Positivado no artigo 5º, inciso LXXII, da Constituição e disciplinado pela Lei nº 13.300/2016, o mandado de injunção representa
uma virada paradigmática do direito público.
Considerando a aplicabilidade imediata e a efetividade dos direitos e garantias fundamentais, o mandado de injunção se presta
a provocar o Poder Judiciário para que, diante da omissão legislativa, supra a lacuna técnica que impede o exercício do direito.
Embora haja divergência doutrinária quanto à origem histórica do mandado de injunção, ela teve influência direta
da injuction norte-americana, introduzida no direito constitucional estadunidense em 1980.
O instituto admite as formas de prohibitory injuction, quando proíbe a prática violadora de direito, impondo uma abstenção, ou
de mandatory injuction, quando determina a prática de algum ato, sob pena de violação de direito por omissão. Enquanto a
primeira guarda proximidade com nosso mandado de segurança, a segunda teria originado o mandado de injunção pátrio.
Ainda que a inspiração advenha do modelo estadunidense, é certo que a positivação do mecanismo no ordenamento
jurídico brasileiro o transformou em verdadeira jabuticaba.
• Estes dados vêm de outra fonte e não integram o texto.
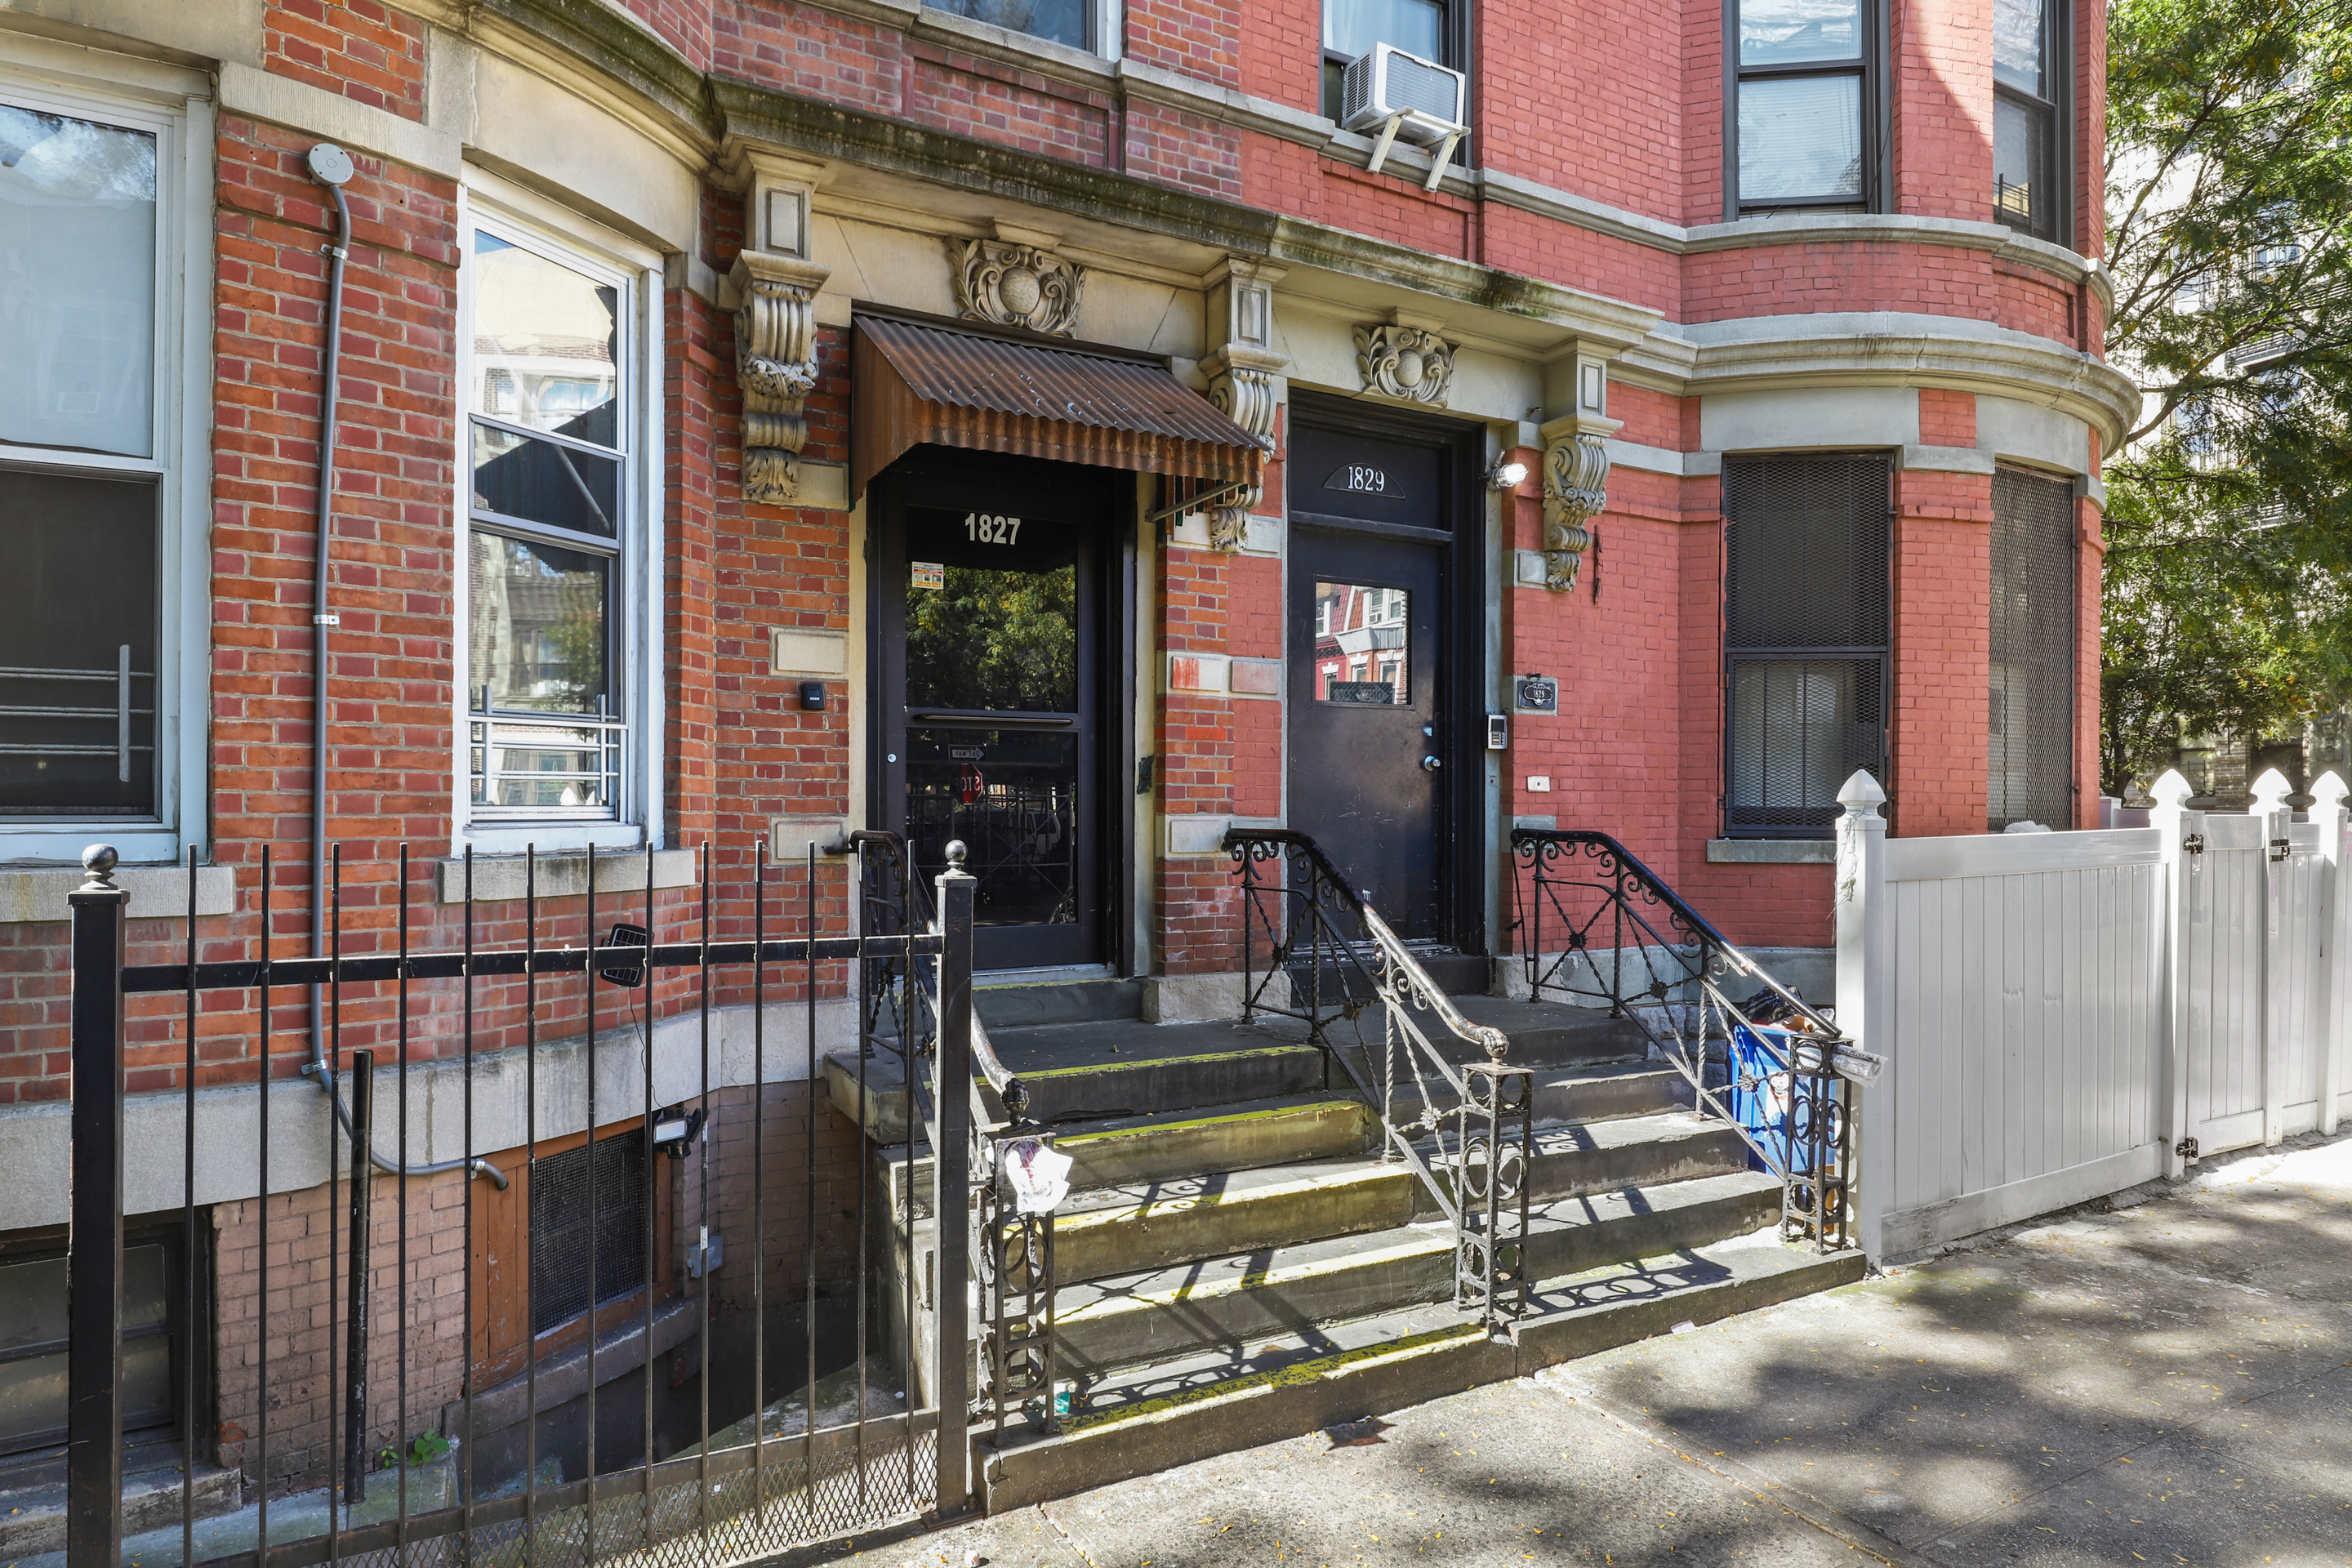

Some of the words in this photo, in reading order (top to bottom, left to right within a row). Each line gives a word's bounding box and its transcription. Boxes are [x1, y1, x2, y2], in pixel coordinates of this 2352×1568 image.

De fato, o instituto representou uma novidade na realidade constitucional após 1988, já que não foi previsto nas constituições
anteriores. De forma sintomática, pois o mandado de injunção talvez estampe com maestria a virada do Estado Legislativo ao
Estado Constitucional.
Como sustenta Daniel Hachem, no período anterior à Constituição de 1988, o direito público ainda se ligava a uma
perspectiva autoritária que ignorava a força normativa dos direitos fundamentais. No campo do direito constitucional e
administrativo, isso se dava especialmente em face do apego à lei formal, numa ótica de legalidade estrita, o que afastava a
intervenção do Poder Judiciário como garantidor de direitos constitucionais.
Leia também: o papel do advogado na garantia dos direitos sociais.
A constituição de 1988
A Constituição de 1988 introduziu uma virada no paradigma juspublicista. Com o reconhecimento da força normativa da
Constituição, ou seja, da capacidade das regras constitucionais inovarem em direitos e obrigações nas relações jurídicas, fala-se
em um direito constitucional da efetividade.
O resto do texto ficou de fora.